Y pensar que todo comenzó con Shmi.
En estas Navidades sería bueno recordarla, ya que ella es La Virgen de La Fuerza. Anakin Skywalker fue engendrado sin mediar varón. Fue una concepción inmaculada, el gran milagro de la galaxia. El embarazo de Shmi se produjo (y no crean que no me doy cuenta de lo perverso de la sintaxis) por La Fuerza.
Fue La Fuerza quien puso en su vientre, nada menos que al hombre que la balancearía siendo a la vez Vader y Anakin. Siendo a la vez toda la oscuridad y toda la luz. Encarnando la muerte y la vida rompebarreras. Tan absoluta en su definición y expresión, que se engendró a sí misma.
Los Skywalker son los elegidos de La Fuerza. Son sus representantes más sufridos y potentados.
Y en este cierre de la saga, no es un detalle menor, teniendo en cuenta lo que acontece y ha dejado mascullando maldiciones a más de la mitad del mundo.
Rey es una Palpatine. Ese es el gran secreto de esta última trilogía. Y, aunque es un secreto doloroso, los que patalean achacándole a la Disney una terminación oprobiosa, no tienen en cuenta el triunfo absoluto sobre el Lado Oscuro, del linaje Skywalker.
Antes de que me salten a la yugular: sí, duele la extinción de la sangre. Duelen las muertes. Pero Luke deja claro que no es la sangre todo lo que los compone. Y esa es la plataforma ancha y robusta que permite desatar el más triste de los finales, sin violar la santidad de la saga. De esta antorcha de cultura popular viva que es Star Wars.
Ver morir a Han, a Luke y a Leia fue horroroso a lo largo de la trilogía. Porque duele en la infancia, porque duele en la juventud, porque duele en los sueños, porque duele en la sangre. Pero son esas muertes, esos cambios, los que permiten que la historia siga viva para siempre. Porque el linaje Skywalker no ha acabado, no importa cuánto nos digan que así fue.
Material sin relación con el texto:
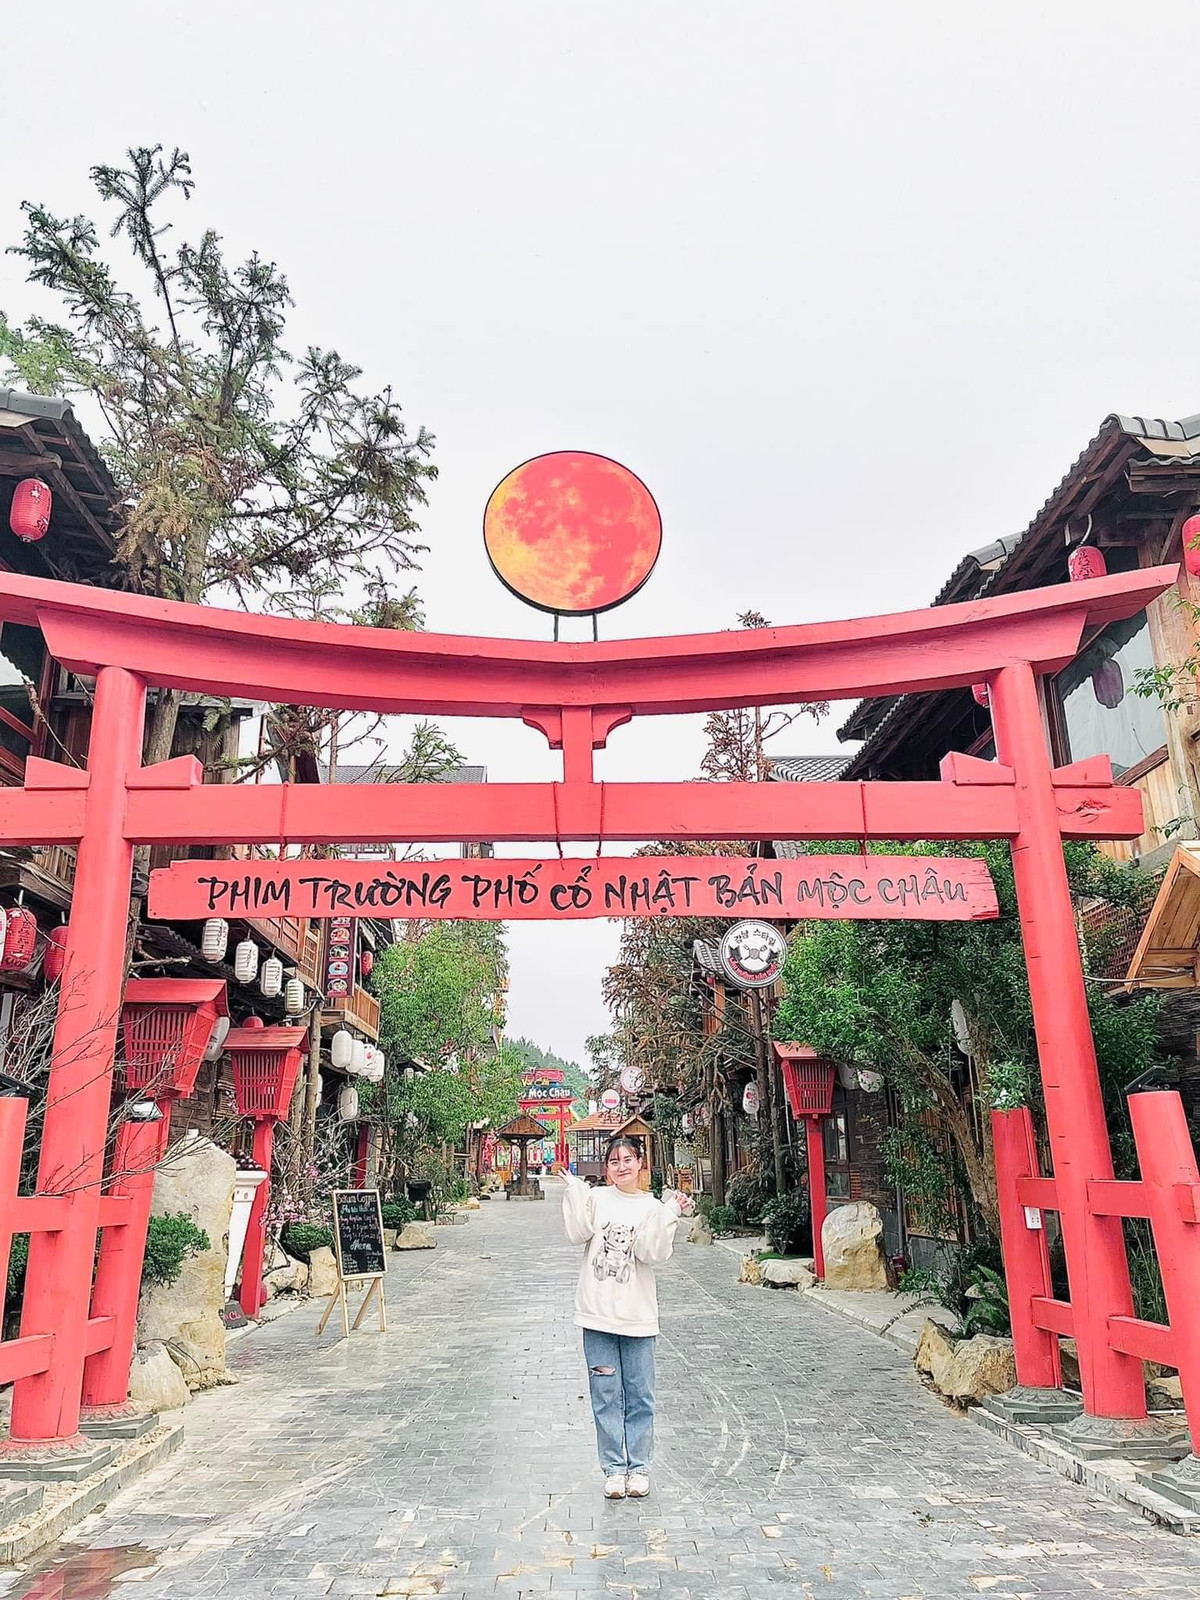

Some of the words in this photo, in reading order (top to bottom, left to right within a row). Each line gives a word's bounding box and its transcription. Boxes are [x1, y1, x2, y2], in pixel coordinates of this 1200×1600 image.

Hagamos un breve análisis, que nos permita duelar la sangre pero, más que nada, celebrar La Fuerza.
El triunfo de una resistencia que se opone a un régimen de miedo, uniformador, asesino y opresor, aún cuando debiera ser el espíritu de la historia, siempre es la subtrama. Star Wars se trata, de manera categórica, de la singularidad de las personas y de lo que son capaces de hacer con ella. Claro que esos destinos están atados siempre a las nociones de libertad para todos y bien común. Aun así, los héroes son, y serán siempre, las patas fundamentales de la narrativa. Y aunque en Los últimos... parecía que La Fuerza se democratizaba, “El Ungido” como instrumento del cuento, siguió siendo su ADN, para bien.
Y el ungido es siempre un Skywalker.
Abrams subsana errores de Los últimos Jedi y retoma la solemnidad de la saga, sin abandonar el sentido de aventura. La película avanza tan contundente que casi deja sin aliento. Y termina convergiendo en un final electrizante, propio del más puro cine de acción. Y es en el final, en el que convergen todos los sentidos. Unidos en La Fuerza, todos los símbolos sembrados para nosotros, por fin encuentran su catalizador y su destino.
Es por eso que, en su dramatismo, la religiosidad del desenlace es de una belleza abrasadora.
Rey aúna todo el poder de los Jedi que han existido, contra todo el poder de los Sith. Y en esa lucha, esta tan presente Anakin Skywalker, que se te caen las medias. El hombre construido, habitado casi enteramente por La Fuerza, se vuelve símbolo tácito en ese desafío final. Es invocado y, finalmente, reivindicado por su nieto en una última acción todopoderosa.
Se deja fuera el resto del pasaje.